TASK REQUIREMENTS
Everything from the line with "this 1274×1500 image." to the last line of the material below is what to reproduce, exactly and with no other lines.

══════

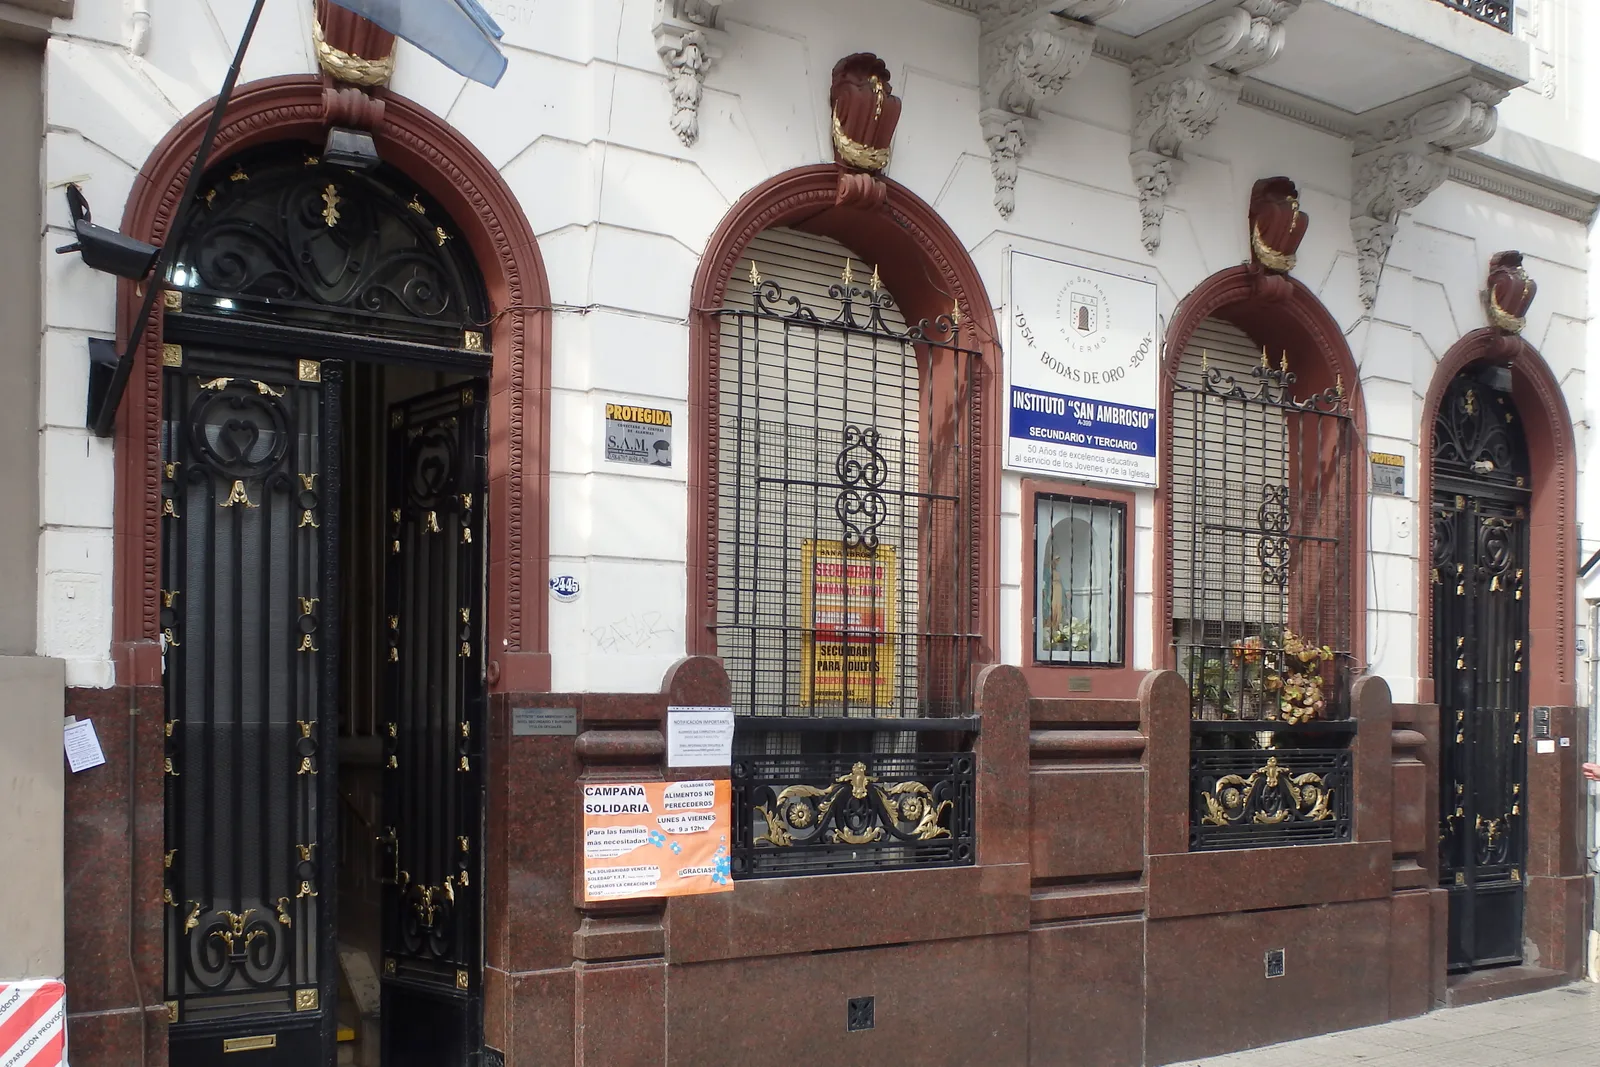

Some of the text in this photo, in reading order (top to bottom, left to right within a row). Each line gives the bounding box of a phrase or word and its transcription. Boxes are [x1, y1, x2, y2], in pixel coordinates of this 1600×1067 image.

[1077, 276, 1092, 284] San
[1060, 328, 1107, 353] PALERMO
[1040, 351, 1080, 383] BODAS
[1083, 371, 1100, 384] DE
[1102, 366, 1125, 383] ORO
[1013, 390, 1065, 416] INSTITUTO
[606, 404, 672, 426] PROTEGIDA
[608, 435, 649, 452] S.A.M.
[1029, 426, 1137, 450] SECUNDARIO Y TERCIARIO
[1027, 444, 1139, 467] 50 Años de excelencia educativa
[1015, 454, 1150, 480] al servicio de los Jovenes y de la Iglesia
[816, 563, 883, 580] SECUNDARO
[552, 577, 579, 592] 2445
[817, 661, 880, 672] PARA DULTS
[585, 786, 645, 796] CAMPAÑA
[585, 804, 650, 813] SOLIDARIA
[586, 829, 609, 837] ¡Para
[587, 838, 602, 846] más
[3, 1002, 65, 1067] EPARACION PROVISO
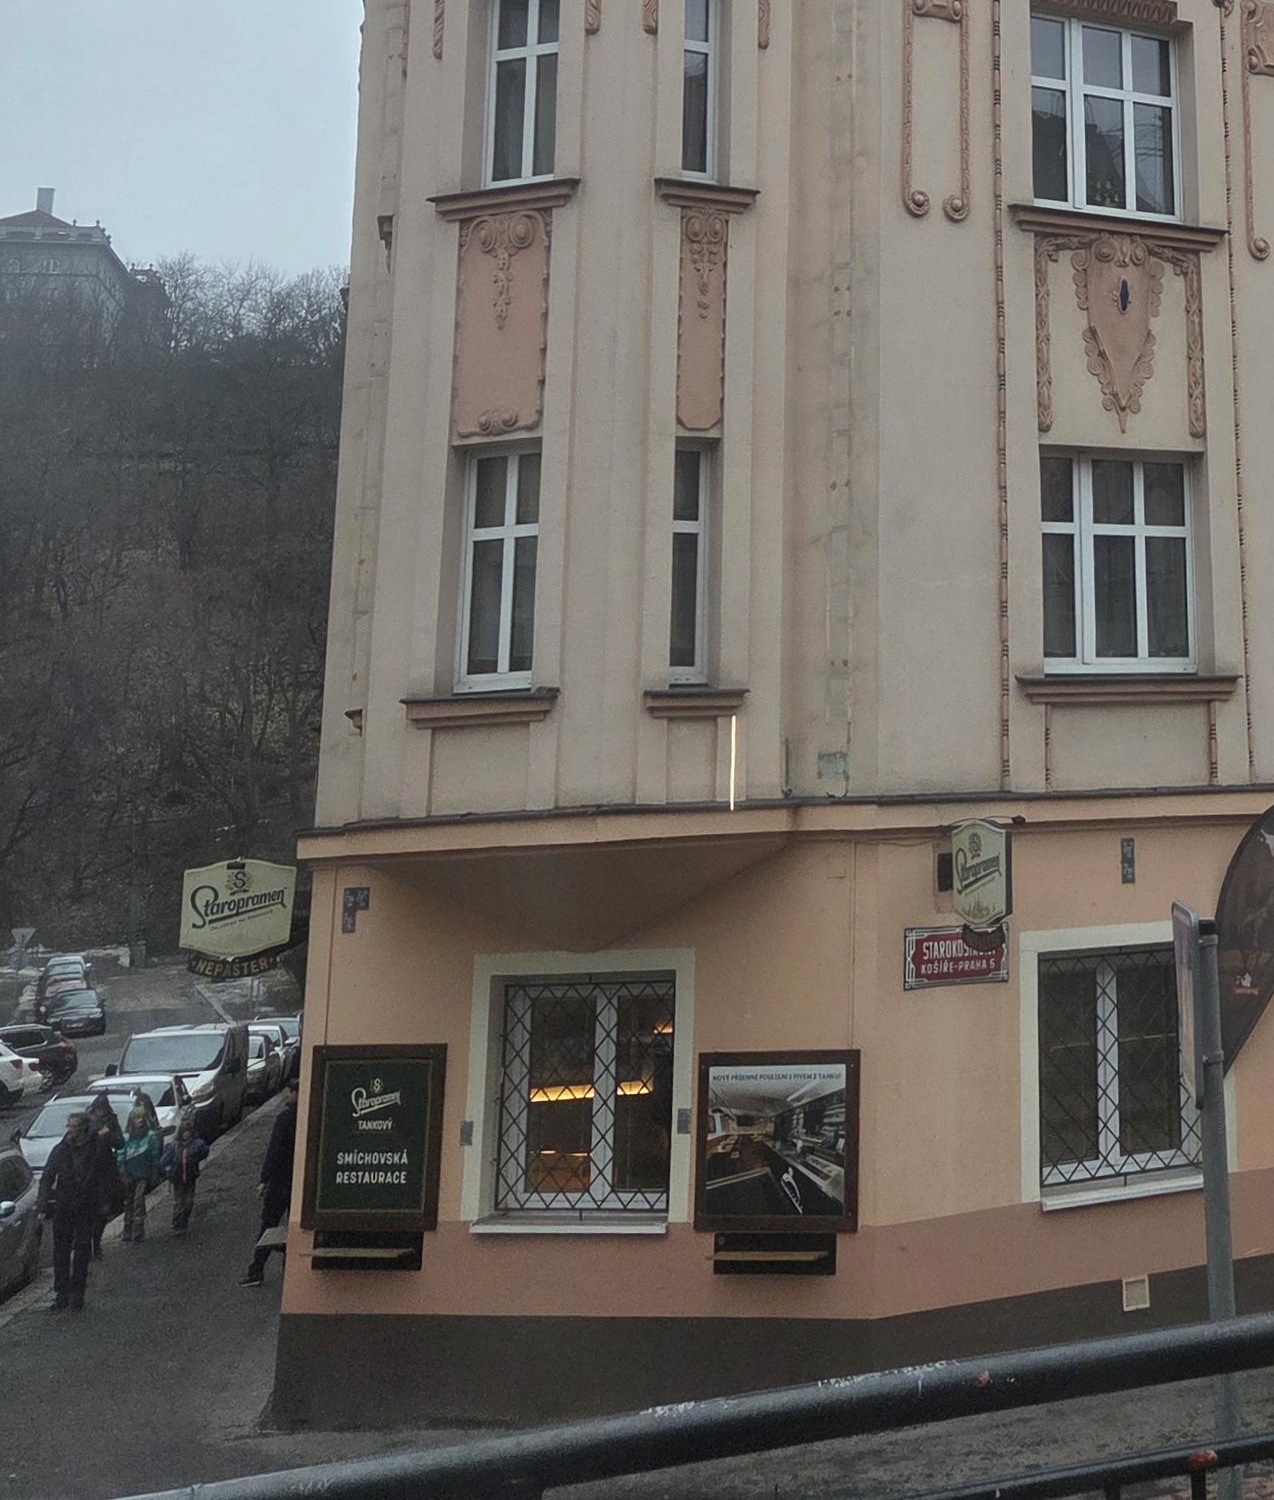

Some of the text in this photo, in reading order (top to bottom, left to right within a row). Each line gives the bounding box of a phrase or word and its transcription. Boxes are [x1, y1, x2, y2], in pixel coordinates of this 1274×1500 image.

[190, 885, 288, 929] Staropramen
[990, 958, 995, 969] 5
[358, 1117, 393, 1130] TANKOVÝ
[337, 1149, 408, 1165] SMÍCHOVSKÁ
[336, 1171, 407, 1184] RESTAURACE

══════

RESULT
Some of the text in this photo, in reading order (top to bottom, left to right within a row). Each line gives the bounding box of a phrase or word and its transcription. Boxes are [x1, y1, x2, y2], in pixel coordinates of this 1274×1500 image.

[190, 885, 288, 929] Staropramen
[990, 958, 995, 969] 5
[358, 1117, 393, 1130] TANKOVÝ
[337, 1149, 408, 1165] SMÍCHOVSKÁ
[336, 1171, 407, 1184] RESTAURACE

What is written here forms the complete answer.